Marina Welker Haedshot

Aldi Rizal, a toddler from a rural village on the Indonesian island of Sumatra, became an Internet sensation in 2010 when a YouTube video of him chain smoking went viral. Shamed by the ensuing public outcry, the Indonesian government sponsored a rehab program for Aldi. But, while the toddler kicked his habit, the state’s own dependence on tobacco revenues has continued to grow. With over 60 million smokers, and two out of three men smoking, Indonesia is the world’s fourth largest cigarette market and the only country in Southeast Asia that has not ratified the World Health Organization’s Framework Convention on Tobacco Control. Indonesia’s cigarette market is not only large, but also unusual: 94 percent of Indonesian smokers consume clove cigarettes (kretek), with only 6 percent smoking “white cigarettes” (rokok putih) without the clove additive.

I spent my 2015–16 sabbatical year in Indonesia studying Sampoerna, the maker of Aldi’s preferred kretek brand. Liem Seeng Tee, a Chinese orphan and migrant founded Sampoerna in 1913, and the company was predominantly family owned and managed until 2005, when Philip Morris International acquired it. In 2015, Sampoerna claimed 35 percent of the Indonesian cigarette market, selling nearly 110 billion cigarettes.

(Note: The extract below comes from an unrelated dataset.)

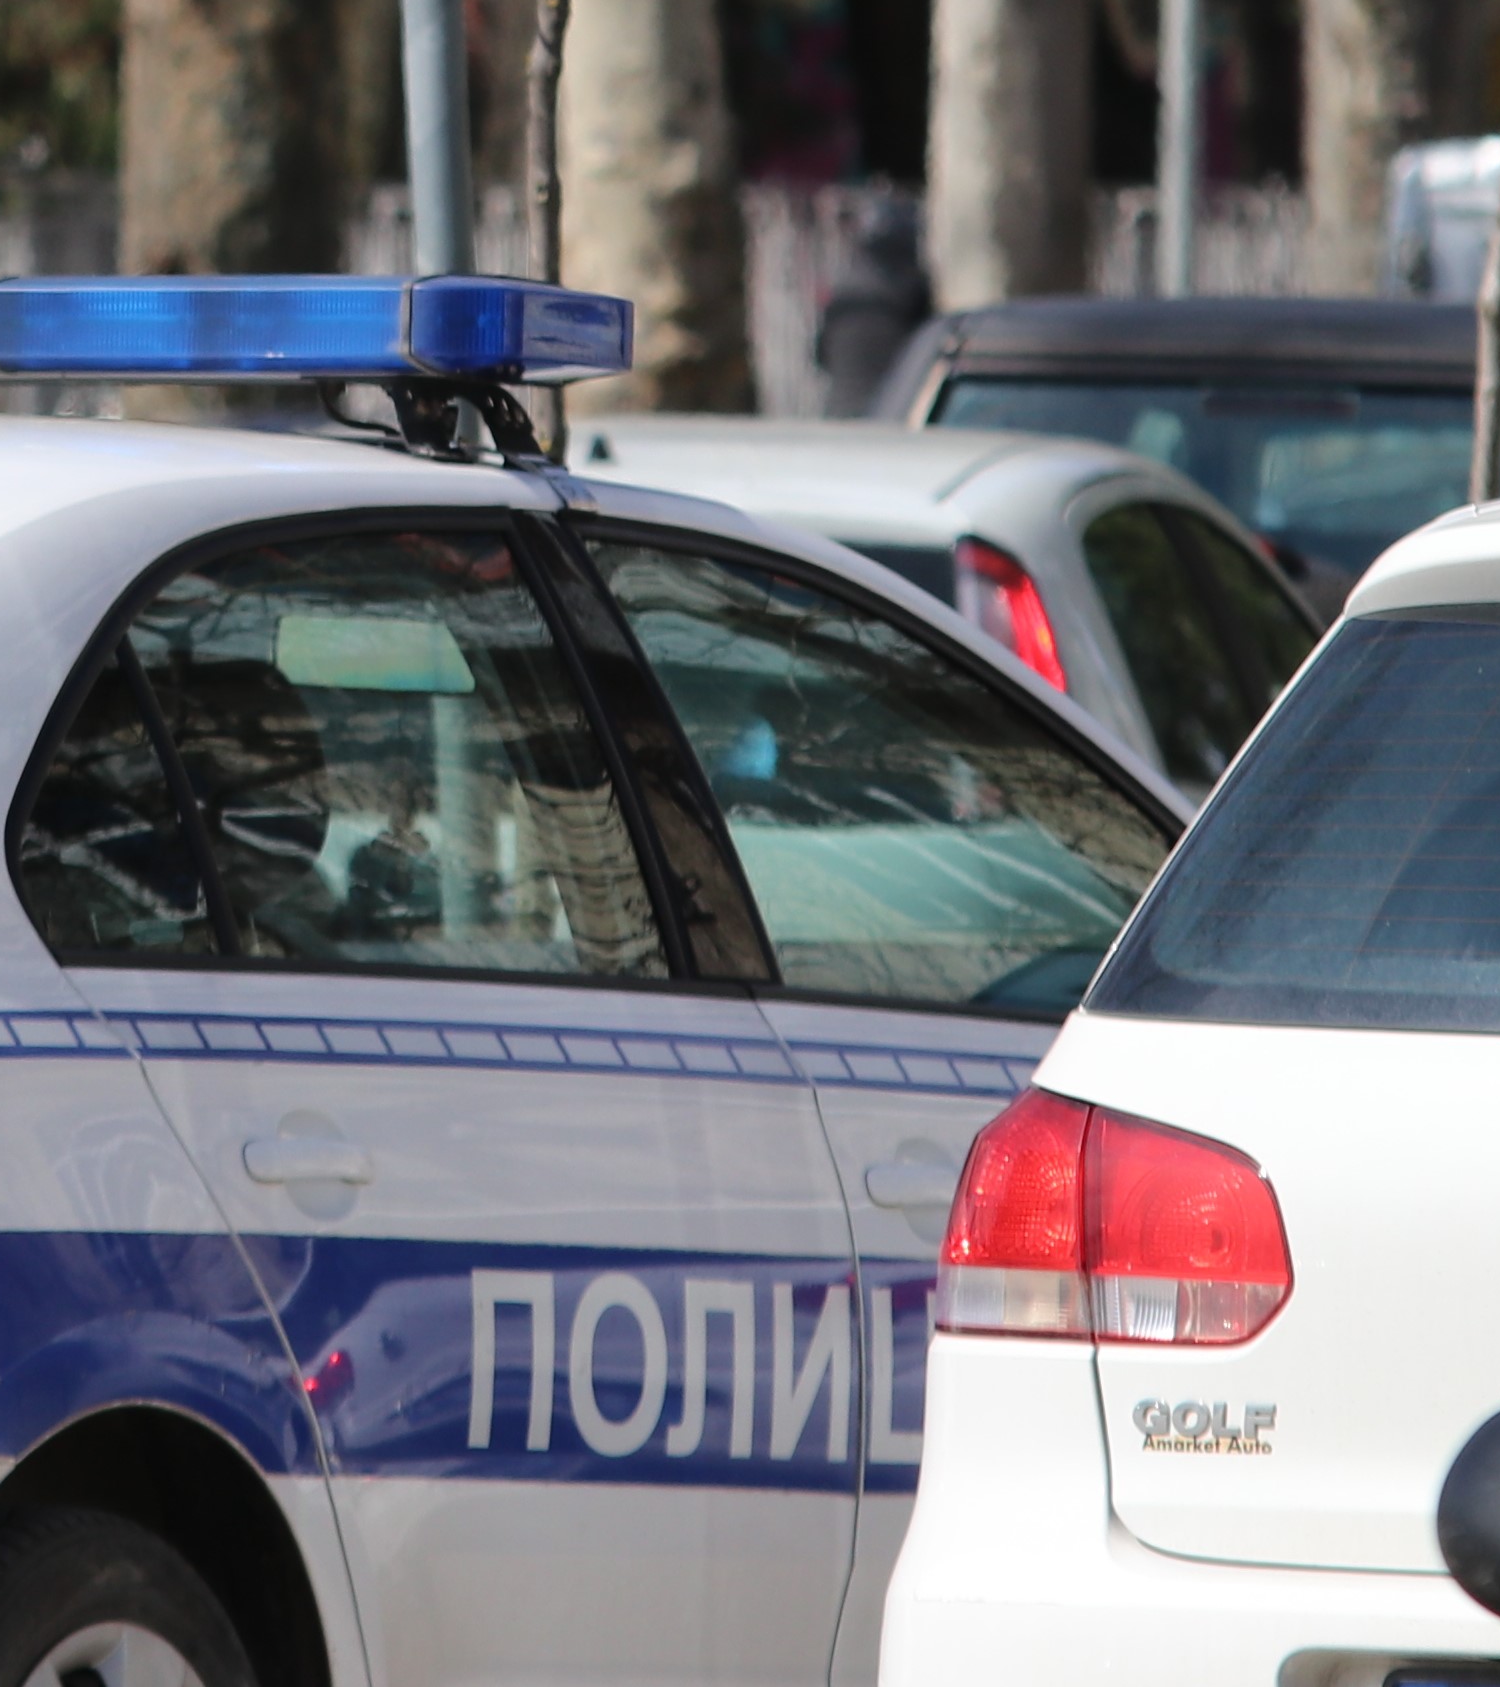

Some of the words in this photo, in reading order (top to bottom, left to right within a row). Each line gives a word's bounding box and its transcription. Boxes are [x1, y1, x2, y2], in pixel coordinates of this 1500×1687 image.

[1131, 1396, 1278, 1439] GOLF
[1142, 1433, 1222, 1454] Amarket
[1226, 1434, 1273, 1456] Auto

Cigarettes remain controversial commodities in Indonesia, subject to polarized depictions as either destroying or constituting the social fabric of Indonesian life and male sociality. Industry supporters argue that the cigarette economy provides a significant income to millions of tobacco and clove farmers, factory workers, and independent retailers in addition to providing a substantial source of revenue to the government. Sampoerna counts itself as one of the largest contributors to Indonesia’s tax base. Industry critics counterclaim that public health costs far outweigh economic benefits and that domestic and multinational cigarette companies are exploiting Indonesia’s weak tobacco regulations to create a new generation of addicts. According to the Campaign for Tobacco-Free Kids, a nongovernmental organization based in Washington, D.C., 36 percent of Indonesian boys smoke, suggesting that Aldi’s case is but a symptom of a larger problem. The NGO reports that 244,000 Indonesians die annually of tobacco-related diseases, over 97 million Indonesians are regular secondhand smokers, and the typical household expends 11.5 percent of its income on tobacco products (compared to 11 percent on protein and dairy, 3.2 percent on education, and 2.3 percent on health care).

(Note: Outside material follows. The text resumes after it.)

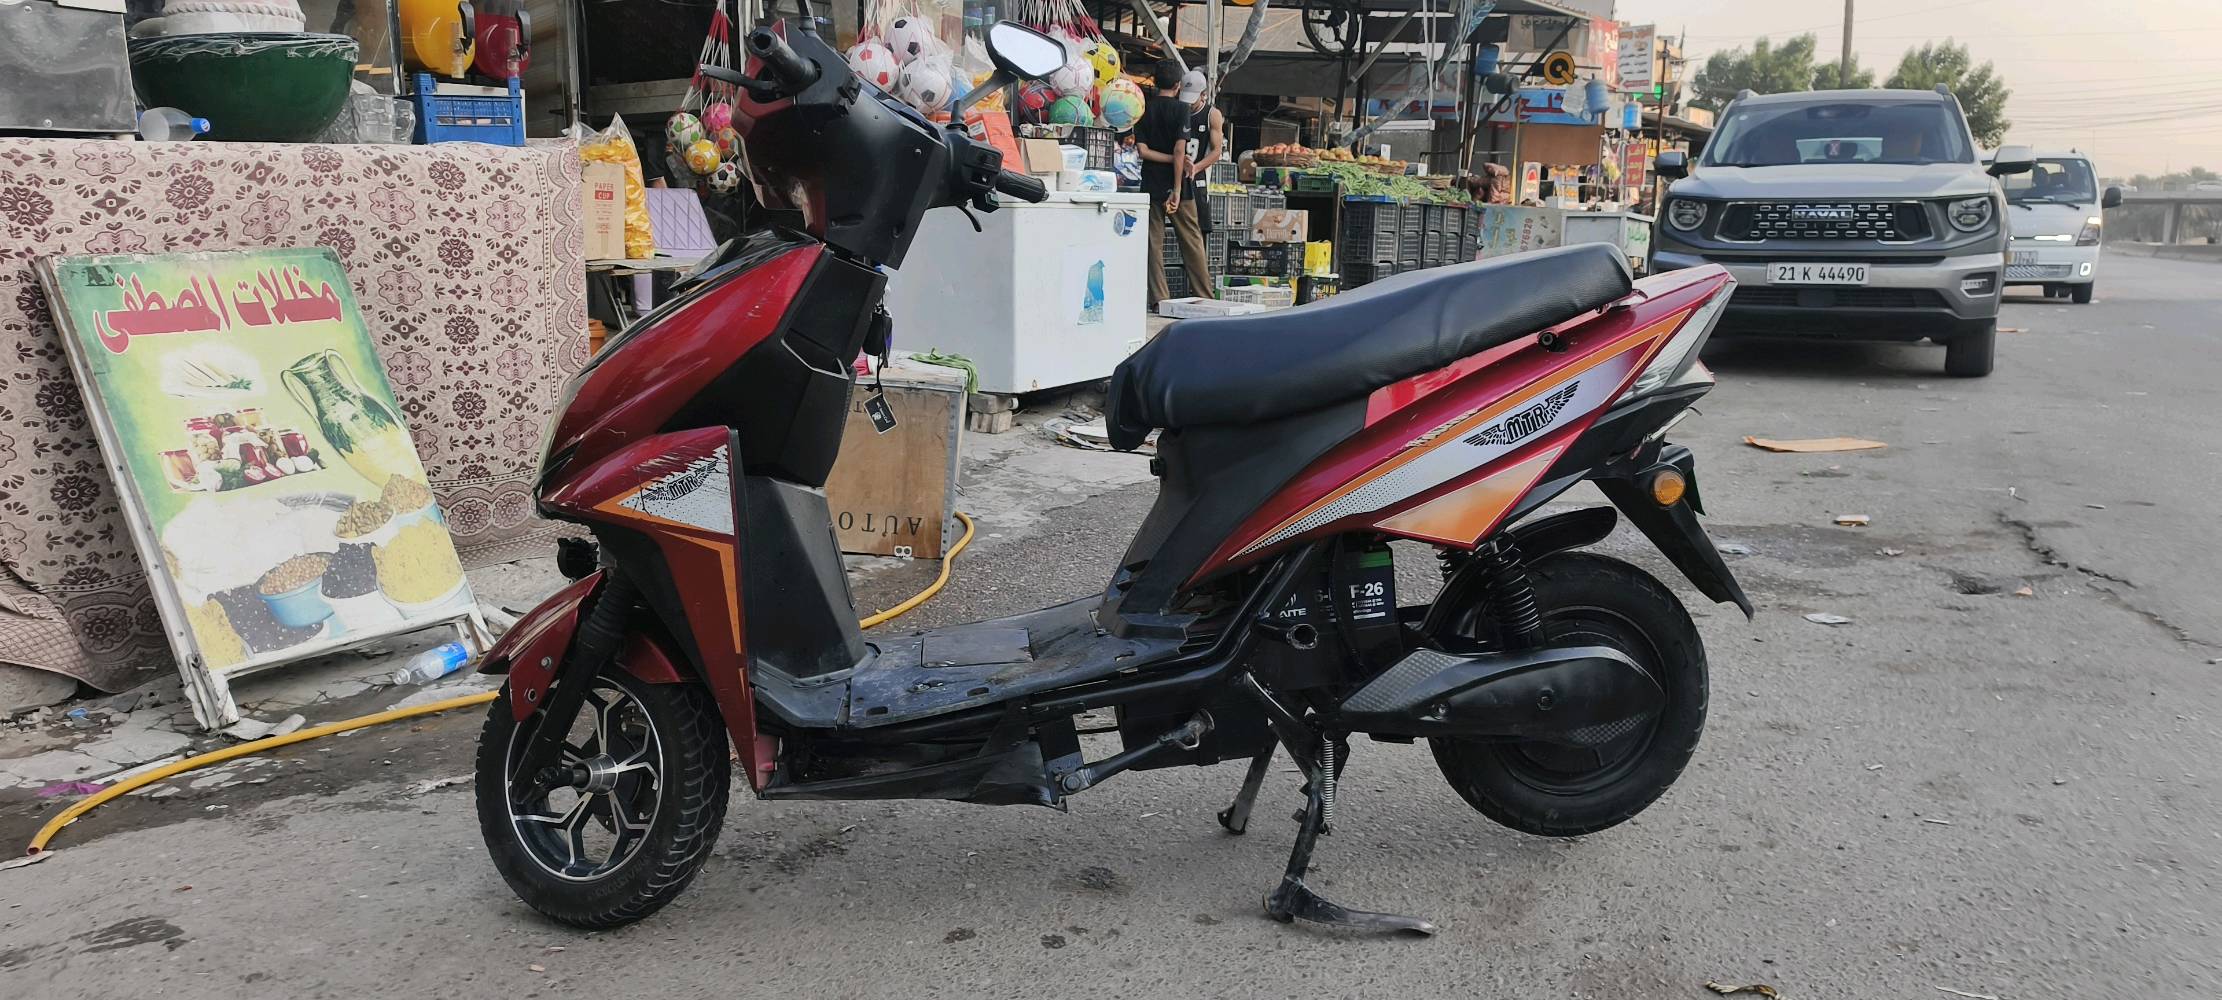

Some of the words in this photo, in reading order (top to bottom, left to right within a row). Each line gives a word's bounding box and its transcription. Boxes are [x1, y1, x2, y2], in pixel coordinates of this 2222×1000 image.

Cloves add another ingredient to this otherwise familiar national debate over the health and economic consequences of cigarettes. Kretek defenders, who promote their perspective through demonstrations, social media, and a slew of books, have demanded special legislative protection for clove cigarettes on the grounds that they are part of a uniquely Indonesian smoking culture and heritage. Indeed, for many visitors to Indonesia the scent of kretek smoke creates a powerful olfactory impression. Coarsely cut cloves make a crackling sound when they ignite, the supposed source of kretek’s onomatopoetic name, while the saccharine-dipped filter tips of filtered kretek deposit a sweet taste on smokers’ lips. Biochemical analysis finds harm in kretek’s distinctiveness. When smoked, kretek release more tar and nicotine than white cigarettes, and the clove additive has an analgesic effect on smokers’ air passages, allowing smokers to inhale more deeply and inflict more damage on their lungs.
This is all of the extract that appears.